DIRECTIONS FOR THIS TASK
The listing below should be reproduced exactly, with the pictures omitted.

########################################

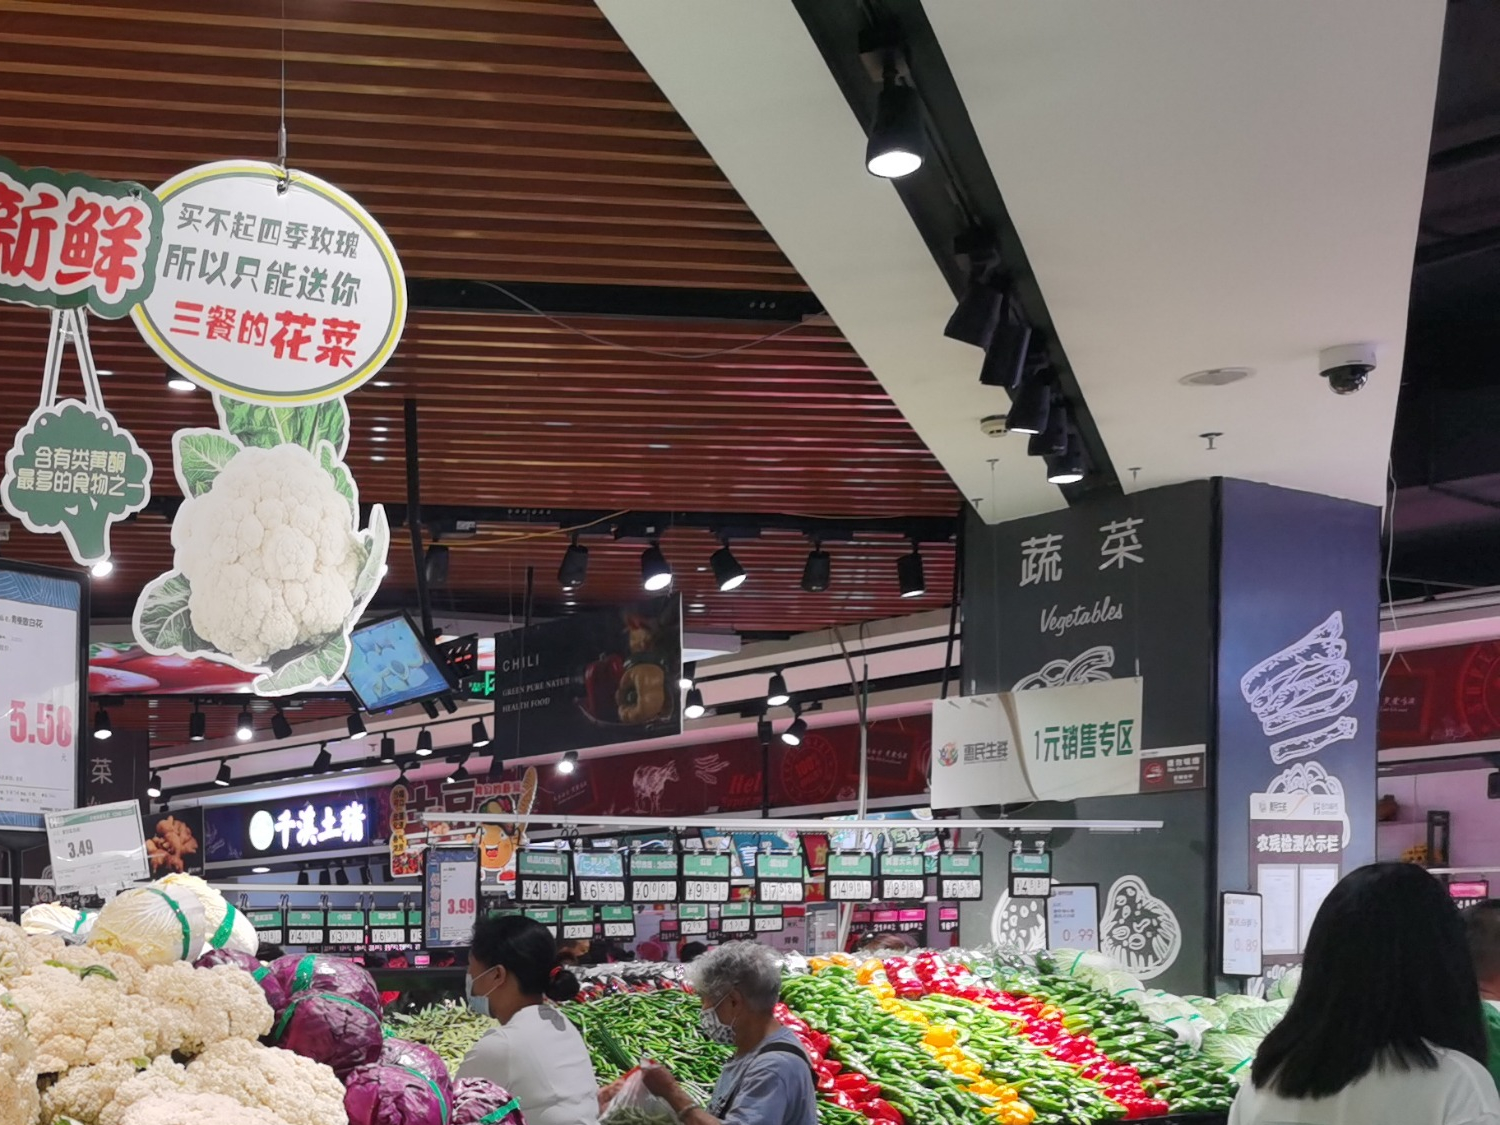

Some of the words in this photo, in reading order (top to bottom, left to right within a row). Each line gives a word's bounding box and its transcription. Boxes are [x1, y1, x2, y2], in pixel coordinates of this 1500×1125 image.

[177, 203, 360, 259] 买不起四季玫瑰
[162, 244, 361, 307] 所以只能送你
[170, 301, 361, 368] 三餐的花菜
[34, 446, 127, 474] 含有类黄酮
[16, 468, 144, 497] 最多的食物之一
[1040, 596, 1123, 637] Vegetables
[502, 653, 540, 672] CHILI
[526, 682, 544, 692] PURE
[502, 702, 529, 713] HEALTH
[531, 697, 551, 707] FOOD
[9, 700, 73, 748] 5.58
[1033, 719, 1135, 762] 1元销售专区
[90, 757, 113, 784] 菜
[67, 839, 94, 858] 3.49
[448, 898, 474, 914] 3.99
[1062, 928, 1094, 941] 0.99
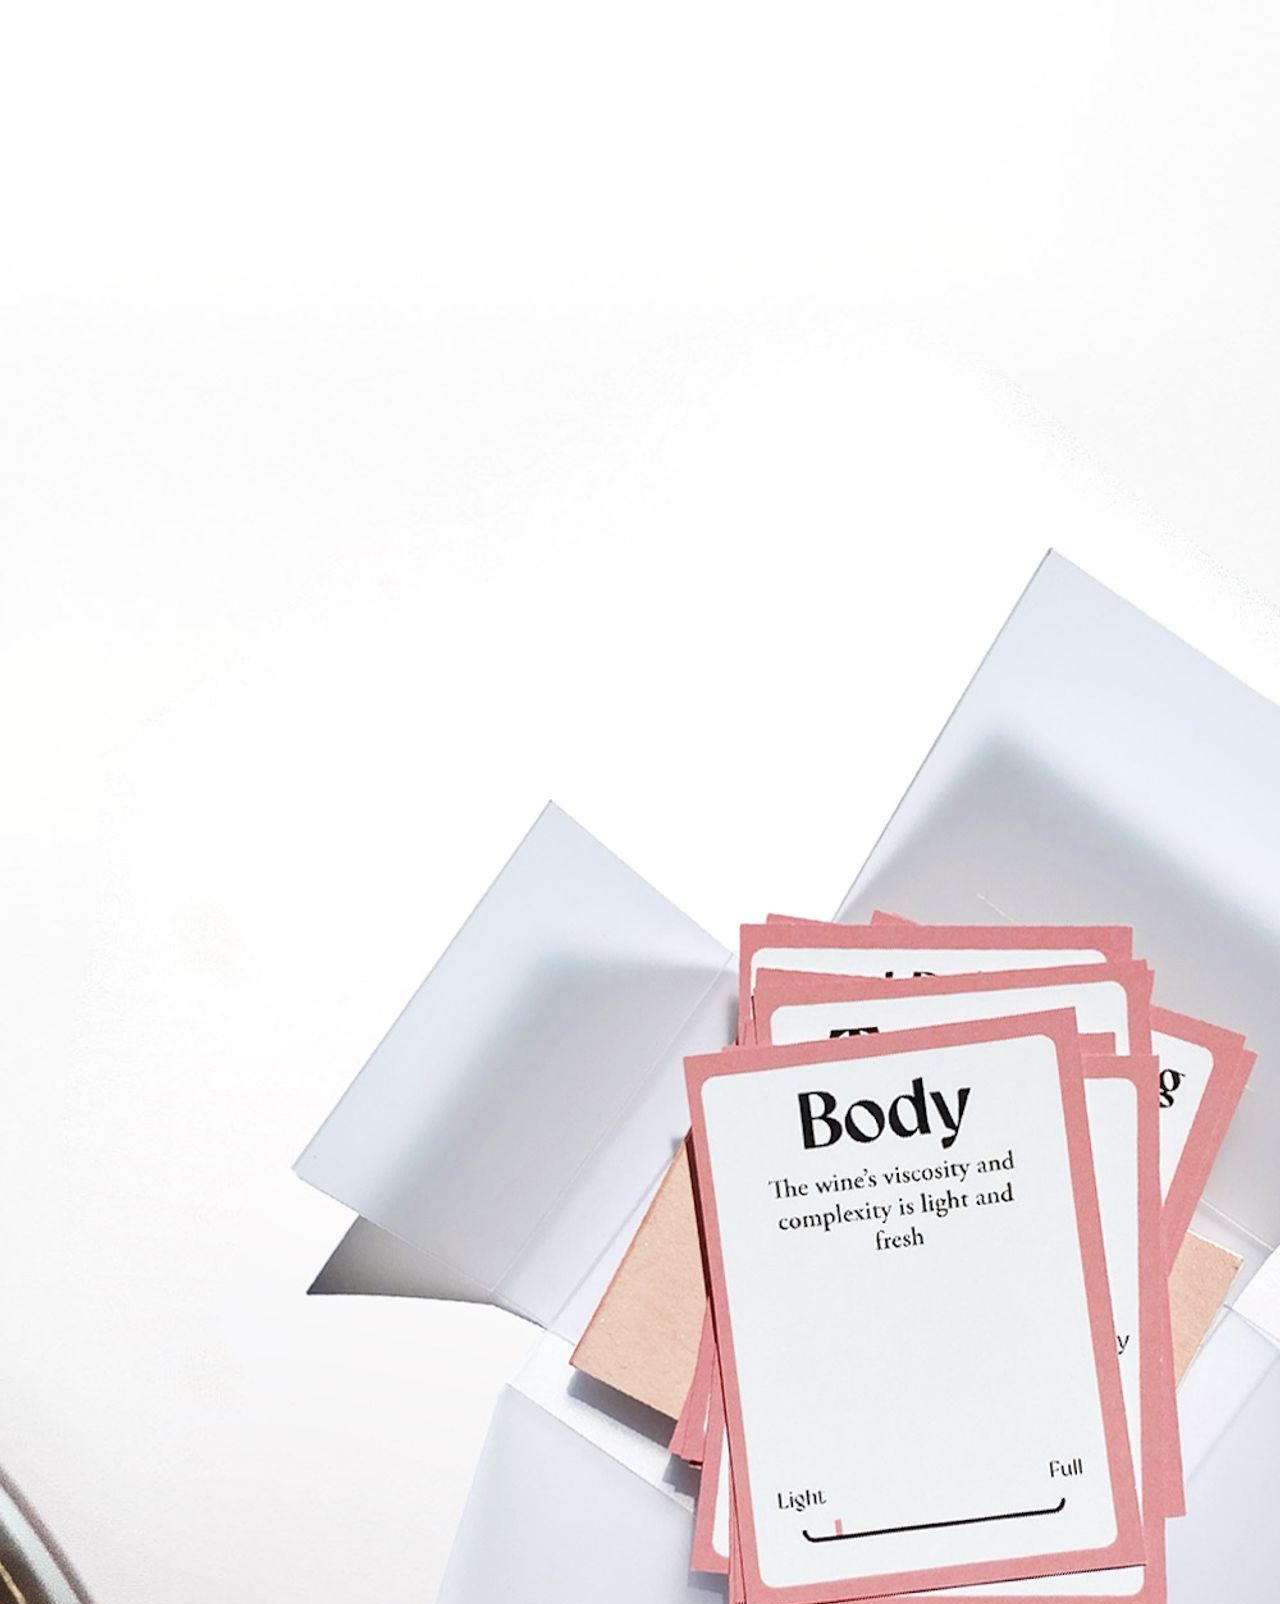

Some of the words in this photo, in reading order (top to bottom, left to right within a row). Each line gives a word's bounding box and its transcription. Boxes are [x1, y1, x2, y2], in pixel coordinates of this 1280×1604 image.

########################################

WRITTEN ANSWER
Some of the words in this photo, in reading order (top to bottom, left to right within a row). Each line gives a word's bounding box and its transcription. Boxes are [x1, y1, x2, y2], in pixel coordinates of this 1500×1125 image.

[177, 203, 360, 259] 买不起四季玫瑰
[162, 244, 361, 307] 所以只能送你
[170, 301, 361, 368] 三餐的花菜
[34, 446, 127, 474] 含有类黄酮
[16, 468, 144, 497] 最多的食物之一
[1040, 596, 1123, 637] Vegetables
[502, 653, 540, 672] CHILI
[526, 682, 544, 692] PURE
[502, 702, 529, 713] HEALTH
[531, 697, 551, 707] FOOD
[9, 700, 73, 748] 5.58
[1033, 719, 1135, 762] 1元销售专区
[90, 757, 113, 784] 菜
[67, 839, 94, 858] 3.49
[448, 898, 474, 914] 3.99
[1062, 928, 1094, 941] 0.99

Some of the words in this photo, in reading order (top to bottom, left to right within a row). Each line gives a word's bounding box and its transcription. Boxes are [x1, y1, x2, y2], in pixel coordinates of this 1280×1604 image.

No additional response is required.